Data extracted from a collection:
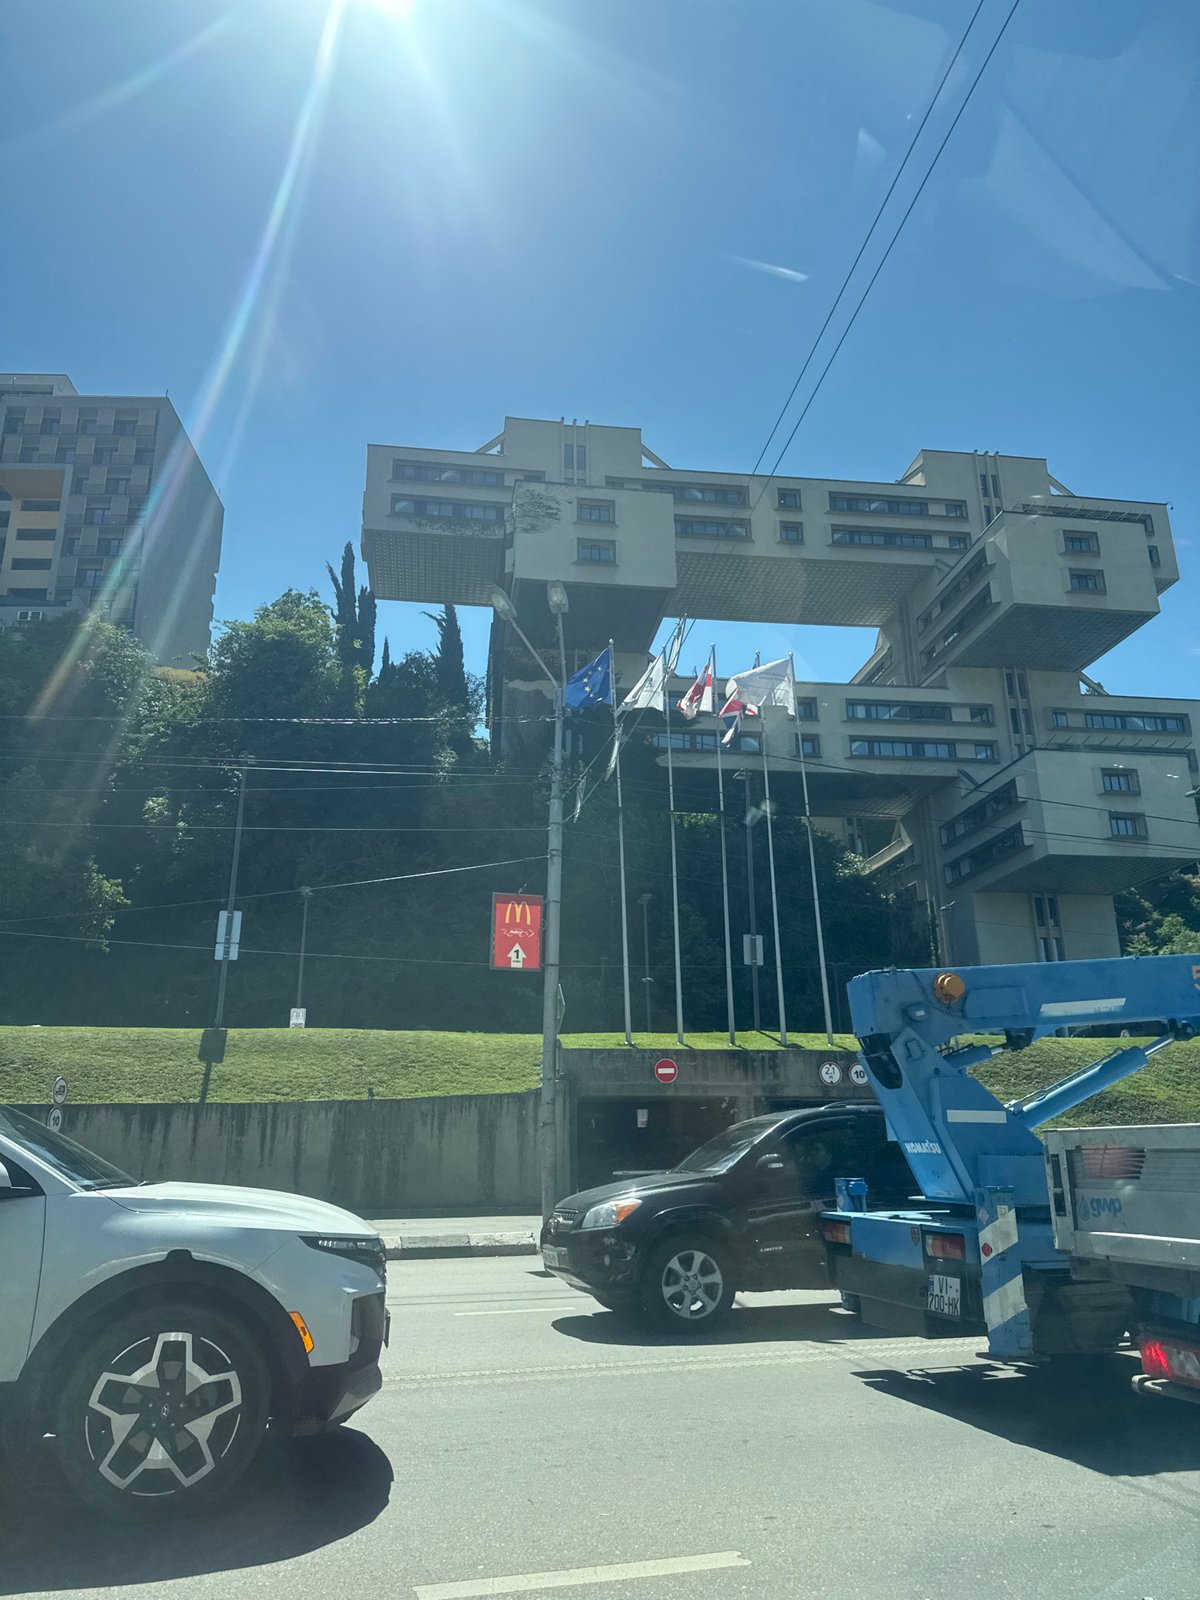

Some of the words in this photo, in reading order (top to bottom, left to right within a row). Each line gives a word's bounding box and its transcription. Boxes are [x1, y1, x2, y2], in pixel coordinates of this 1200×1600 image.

[514, 949, 520, 960] 1
[853, 1070, 866, 1079] 10
[52, 1115, 60, 1127] 10
[1090, 1197, 1122, 1218] gwp

WHAT IS BEING ASKED:
Could you reproduce the records above exactly, leaving out every picture?

ANSWER TO THIS EXERCISE:
Some of the words in this photo, in reading order (top to bottom, left to right within a row). Each line gives a word's bounding box and its transcription. Boxes are [x1, y1, x2, y2], in pixel coordinates of this 1200×1600 image.

[514, 949, 520, 960] 1
[853, 1070, 866, 1079] 10
[52, 1115, 60, 1127] 10
[1090, 1197, 1122, 1218] gwp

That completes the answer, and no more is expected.